PRETTY MUCH THE STORY OF TODAY: EXAUSTED, GRUMPY, AND NOT FEELING WELL

HEADING OUT TO GO TO THE LIBRARY

PICKING OUT DVDS AT THE HOSPITAL LIBRARY

we were going to just use our home supply of tpn during this hospital stay since it is sooooo much easier for everyone and guarentees the exact same formula/rate/volume for melanie. apparently someone got wind of us using our home supply (which the doctors all wanted us to do) and made us use the hospitals supply because it is 'policy'. so we had to switch to their supply. the hospital's pumps aren't able to ramp down the rate, so i made sure they ordered blood sugar checks after she comes off the tpn. she came off for the first time at 2 p.m. today. she had just recieved iv benadryl as pretreatment for the blood transfusion. she became very "drugged" appearing, wobbly on her feet, etc. she does not respond this way to enteral benadryl, but i just figured it was from the iv benadryl. thankfully i had already had them order a blood sugar check because at the time i wasn't thinking anything could be wrong with her blood sugar (she has not had hypoglycemia since before march of this year--it has not been an issue at all since then). when the lab came melanie was laying in bed almost asleep--extremely unusual for her, no matter how tired she is she will NOT nap during the day--we were assuming it was from the iv benadryl. turns out it was from hypoglycemia with blood sugar of 48. we hooked her back up to her tpn to bring her sugar back up. as soon as her sugar came back up, she sat up in bed and no longer looked drugged. i was kinda hoping we had actually found something that would make her drowzy (we don't have any/many meds that will help her sleep when she has trouble falling asleep). unfortunately, it wasn't a side effect of the benadryl, it was a side effect of hypoglycemia. so we ran her tpn and then manually slowed the rate over an hour and she was able to hold her blood sugar after that. good thing because she needed the blood transfusion and tpn can't run at the same time as the transfusion. so anyway, blood sugar has not been an issue whatsoever for many months--even when she was taken off tpn without a ramp. we don't know if she is going to "cycle" back into a time where it will be a problem or if this was just a one-time thing and just another way her body is going hay-wire from the incredible pain and stress she has been under.

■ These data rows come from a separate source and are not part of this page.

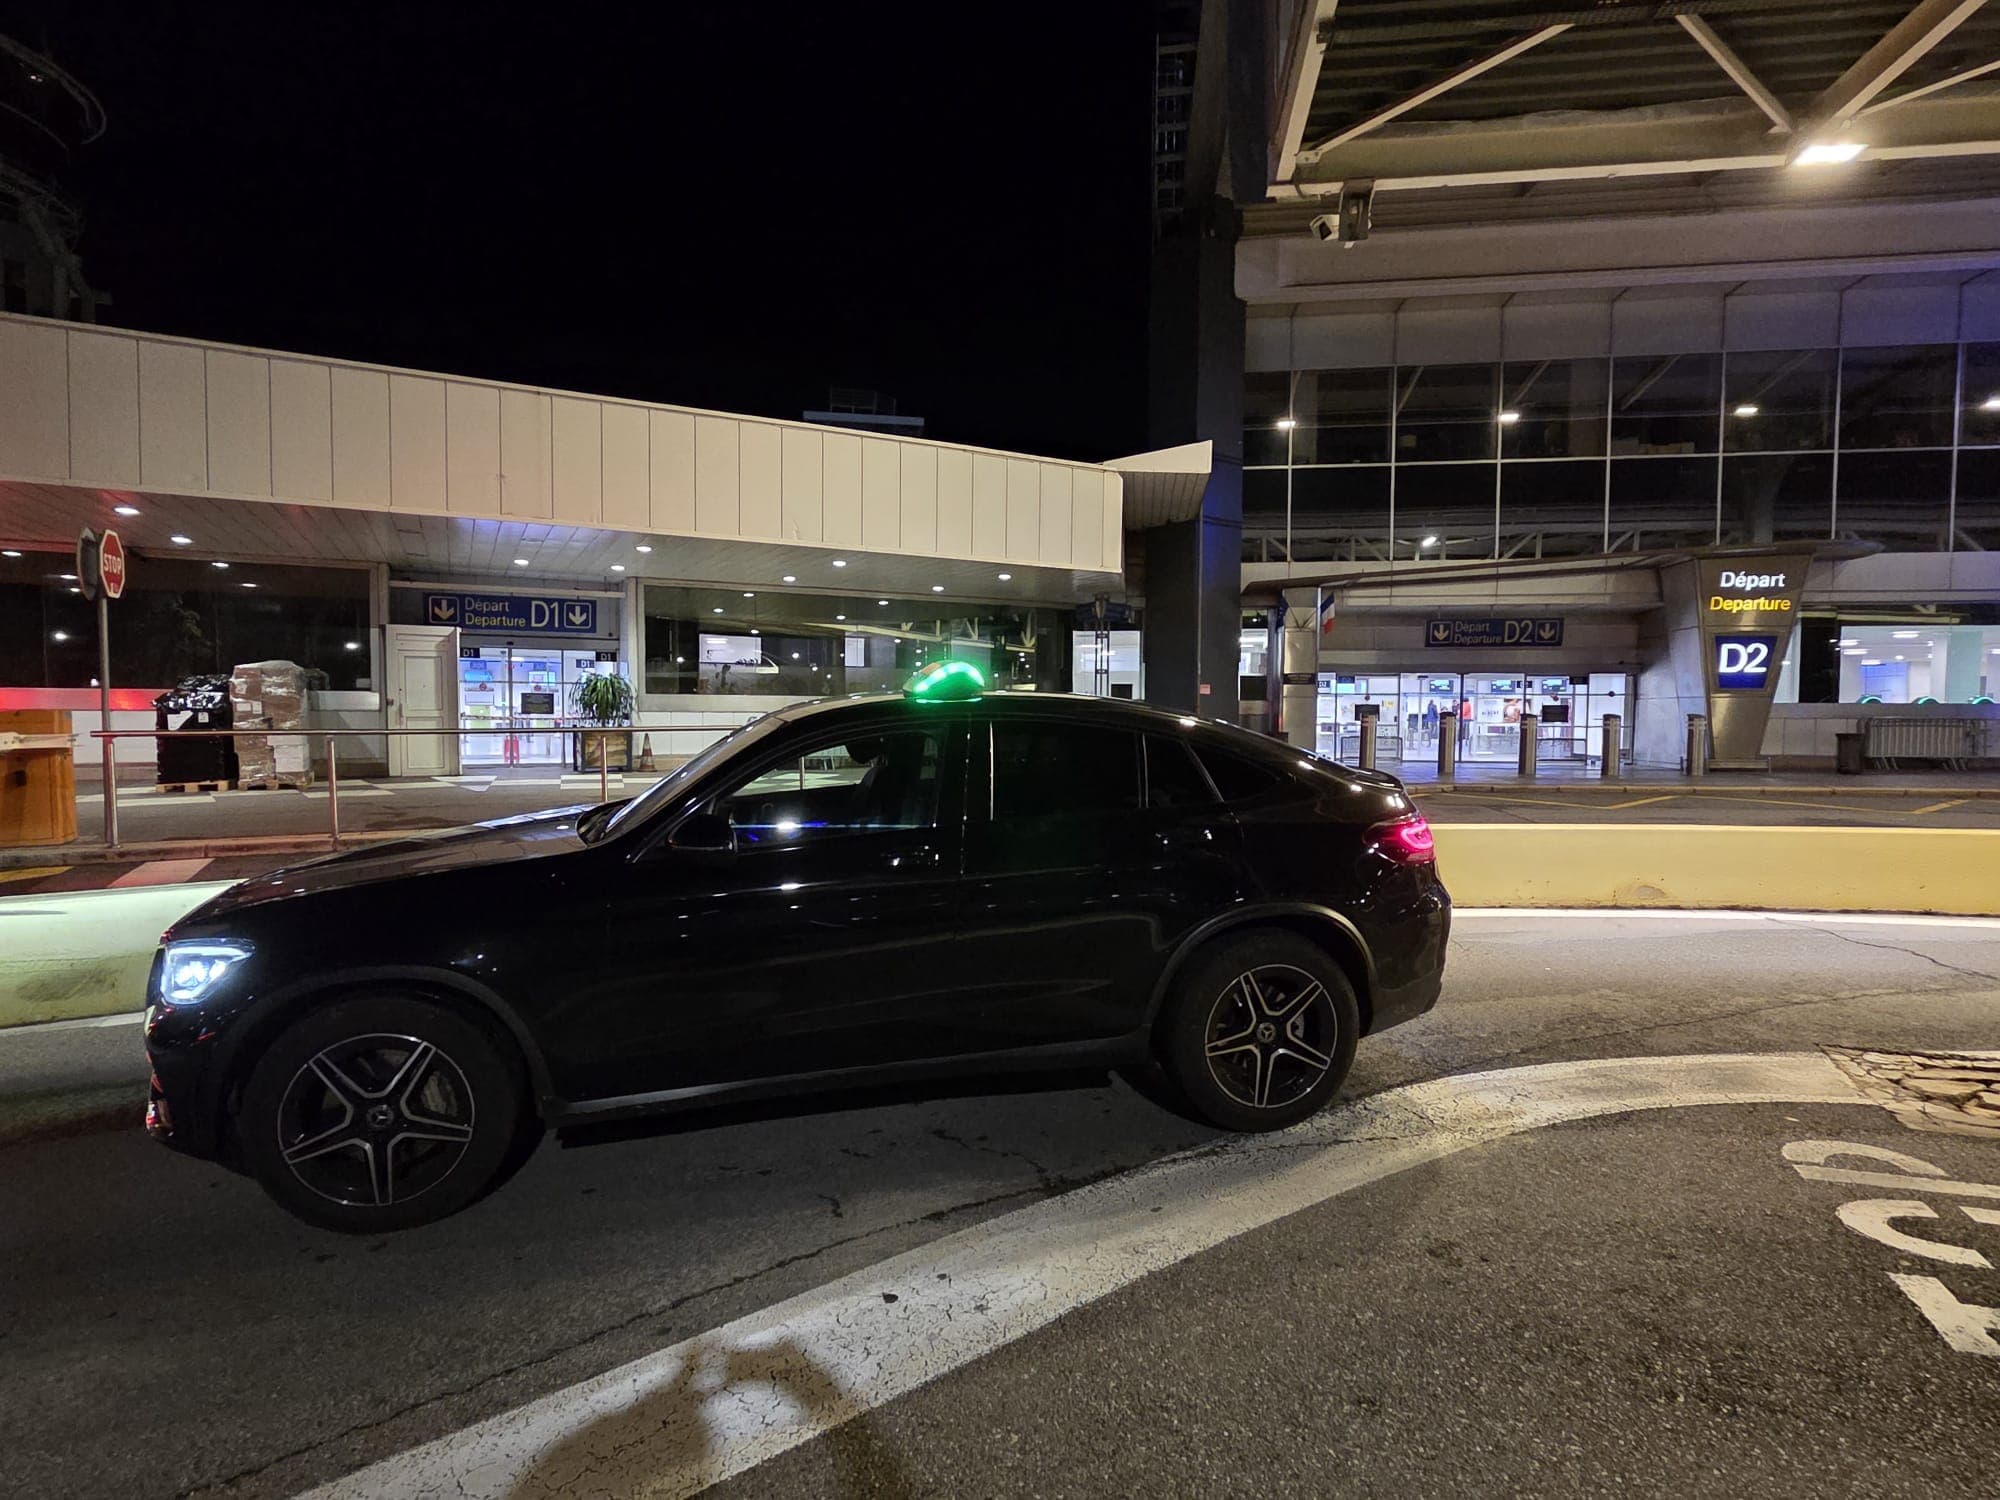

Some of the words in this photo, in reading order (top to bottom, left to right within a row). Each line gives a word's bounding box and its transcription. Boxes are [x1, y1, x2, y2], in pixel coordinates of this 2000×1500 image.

[104, 553, 122, 575] STOP
[1720, 571, 1786, 591] Départ
[464, 597, 510, 613] Départ
[1710, 596, 1792, 613] Departure
[465, 612, 526, 628] Departure
[530, 600, 559, 628] D1
[1455, 620, 1490, 633] Départ
[1503, 620, 1533, 643] D2
[1455, 633, 1502, 645] Departure
[463, 648, 475, 657] D1
[600, 652, 612, 661] D1
[1718, 642, 1769, 673] D2

she ended up getting quite a bit of extra iv fluid today between the extra tpn to keep her sugar up, the blood, the saline run with the blood, the piggy pack bag of saline after the blood, etc. that, in combination with the transfusion itself, has really lowered her heart rate which hopefully means her body is working less hard. she was finally able to go to bed at a good time tonight and was asleep by 6:30. hopefully her body can rest and recup tonight and decrease all her symptoms.

THANK YOU BLOOD DONORS!!!!!

they had a magic show in the playroom this afternoon. melanie really enjoyed it; it was especially neat that the kids got to participate. brandon and ethan got there just for the end, but brandon had fun trying to figure out how he did the tricks and ethan thought it was fun too.